**Assignment:**
Retype the records below exactly. Leave nothing out.
====== Data under study ======
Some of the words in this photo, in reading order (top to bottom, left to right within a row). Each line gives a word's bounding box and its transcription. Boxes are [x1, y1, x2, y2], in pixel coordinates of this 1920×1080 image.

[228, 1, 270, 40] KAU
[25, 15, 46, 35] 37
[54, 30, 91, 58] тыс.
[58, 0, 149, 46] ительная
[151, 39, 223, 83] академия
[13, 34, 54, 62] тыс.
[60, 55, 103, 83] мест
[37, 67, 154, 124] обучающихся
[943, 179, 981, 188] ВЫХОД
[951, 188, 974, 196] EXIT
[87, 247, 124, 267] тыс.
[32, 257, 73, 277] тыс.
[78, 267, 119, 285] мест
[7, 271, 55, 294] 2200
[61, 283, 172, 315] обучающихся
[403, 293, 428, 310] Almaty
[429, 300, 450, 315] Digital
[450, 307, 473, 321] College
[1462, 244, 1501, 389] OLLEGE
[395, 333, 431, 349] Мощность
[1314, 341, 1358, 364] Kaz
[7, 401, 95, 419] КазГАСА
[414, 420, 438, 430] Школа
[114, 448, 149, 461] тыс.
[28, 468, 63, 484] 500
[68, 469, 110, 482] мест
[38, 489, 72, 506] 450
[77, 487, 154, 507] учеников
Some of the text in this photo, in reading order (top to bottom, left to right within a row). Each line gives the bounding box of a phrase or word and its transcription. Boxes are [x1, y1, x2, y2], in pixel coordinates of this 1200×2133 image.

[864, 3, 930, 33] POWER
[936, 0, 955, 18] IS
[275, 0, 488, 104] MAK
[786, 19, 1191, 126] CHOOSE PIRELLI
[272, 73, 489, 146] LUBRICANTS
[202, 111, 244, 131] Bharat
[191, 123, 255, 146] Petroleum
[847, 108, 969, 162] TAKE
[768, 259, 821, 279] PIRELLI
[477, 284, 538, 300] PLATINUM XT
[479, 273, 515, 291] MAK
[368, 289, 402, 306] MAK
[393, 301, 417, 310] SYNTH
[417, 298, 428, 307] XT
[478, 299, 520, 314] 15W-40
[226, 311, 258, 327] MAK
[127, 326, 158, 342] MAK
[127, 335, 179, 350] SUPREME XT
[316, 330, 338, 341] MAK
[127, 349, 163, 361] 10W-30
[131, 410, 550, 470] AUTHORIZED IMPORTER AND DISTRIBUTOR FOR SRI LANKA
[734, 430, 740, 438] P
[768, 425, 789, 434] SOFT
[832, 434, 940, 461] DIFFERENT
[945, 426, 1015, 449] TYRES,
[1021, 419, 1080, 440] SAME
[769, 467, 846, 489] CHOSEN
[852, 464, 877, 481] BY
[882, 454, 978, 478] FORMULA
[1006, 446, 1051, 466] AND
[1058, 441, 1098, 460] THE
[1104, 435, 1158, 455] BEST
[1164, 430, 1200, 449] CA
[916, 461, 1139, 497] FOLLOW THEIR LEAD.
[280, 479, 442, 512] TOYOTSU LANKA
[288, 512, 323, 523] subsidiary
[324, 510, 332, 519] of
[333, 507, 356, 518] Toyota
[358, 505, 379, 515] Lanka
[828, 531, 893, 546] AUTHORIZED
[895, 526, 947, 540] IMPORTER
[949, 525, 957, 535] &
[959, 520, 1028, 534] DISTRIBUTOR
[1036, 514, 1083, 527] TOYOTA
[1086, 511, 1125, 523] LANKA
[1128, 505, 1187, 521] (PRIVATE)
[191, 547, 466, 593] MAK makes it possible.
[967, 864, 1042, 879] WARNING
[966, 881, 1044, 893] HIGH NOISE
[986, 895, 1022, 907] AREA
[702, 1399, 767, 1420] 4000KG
======
**Your response:**
Some of the words in this photo, in reading order (top to bottom, left to right within a row). Each line gives a word's bounding box and its transcription. Boxes are [x1, y1, x2, y2], in pixel coordinates of this 1920×1080 image.

[228, 1, 270, 40] KAU
[25, 15, 46, 35] 37
[54, 30, 91, 58] тыс.
[58, 0, 149, 46] ительная
[151, 39, 223, 83] академия
[13, 34, 54, 62] тыс.
[60, 55, 103, 83] мест
[37, 67, 154, 124] обучающихся
[943, 179, 981, 188] ВЫХОД
[951, 188, 974, 196] EXIT
[87, 247, 124, 267] тыс.
[32, 257, 73, 277] тыс.
[78, 267, 119, 285] мест
[7, 271, 55, 294] 2200
[61, 283, 172, 315] обучающихся
[403, 293, 428, 310] Almaty
[429, 300, 450, 315] Digital
[450, 307, 473, 321] College
[1462, 244, 1501, 389] OLLEGE
[395, 333, 431, 349] Мощность
[1314, 341, 1358, 364] Kaz
[7, 401, 95, 419] КазГАСА
[414, 420, 438, 430] Школа
[114, 448, 149, 461] тыс.
[28, 468, 63, 484] 500
[68, 469, 110, 482] мест
[38, 489, 72, 506] 450
[77, 487, 154, 507] учеников
Some of the text in this photo, in reading order (top to bottom, left to right within a row). Each line gives the bounding box of a phrase or word and its transcription. Boxes are [x1, y1, x2, y2], in pixel coordinates of this 1200×2133 image.

[864, 3, 930, 33] POWER
[936, 0, 955, 18] IS
[275, 0, 488, 104] MAK
[786, 19, 1191, 126] CHOOSE PIRELLI
[272, 73, 489, 146] LUBRICANTS
[202, 111, 244, 131] Bharat
[191, 123, 255, 146] Petroleum
[847, 108, 969, 162] TAKE
[768, 259, 821, 279] PIRELLI
[477, 284, 538, 300] PLATINUM XT
[479, 273, 515, 291] MAK
[368, 289, 402, 306] MAK
[393, 301, 417, 310] SYNTH
[417, 298, 428, 307] XT
[478, 299, 520, 314] 15W-40
[226, 311, 258, 327] MAK
[127, 326, 158, 342] MAK
[127, 335, 179, 350] SUPREME XT
[316, 330, 338, 341] MAK
[127, 349, 163, 361] 10W-30
[131, 410, 550, 470] AUTHORIZED IMPORTER AND DISTRIBUTOR FOR SRI LANKA
[734, 430, 740, 438] P
[768, 425, 789, 434] SOFT
[832, 434, 940, 461] DIFFERENT
[945, 426, 1015, 449] TYRES,
[1021, 419, 1080, 440] SAME
[769, 467, 846, 489] CHOSEN
[852, 464, 877, 481] BY
[882, 454, 978, 478] FORMULA
[1006, 446, 1051, 466] AND
[1058, 441, 1098, 460] THE
[1104, 435, 1158, 455] BEST
[1164, 430, 1200, 449] CA
[916, 461, 1139, 497] FOLLOW THEIR LEAD.
[280, 479, 442, 512] TOYOTSU LANKA
[288, 512, 323, 523] subsidiary
[324, 510, 332, 519] of
[333, 507, 356, 518] Toyota
[358, 505, 379, 515] Lanka
[828, 531, 893, 546] AUTHORIZED
[895, 526, 947, 540] IMPORTER
[949, 525, 957, 535] &
[959, 520, 1028, 534] DISTRIBUTOR
[1036, 514, 1083, 527] TOYOTA
[1086, 511, 1125, 523] LANKA
[1128, 505, 1187, 521] (PRIVATE)
[191, 547, 466, 593] MAK makes it possible.
[967, 864, 1042, 879] WARNING
[966, 881, 1044, 893] HIGH NOISE
[986, 895, 1022, 907] AREA
[702, 1399, 767, 1420] 4000KG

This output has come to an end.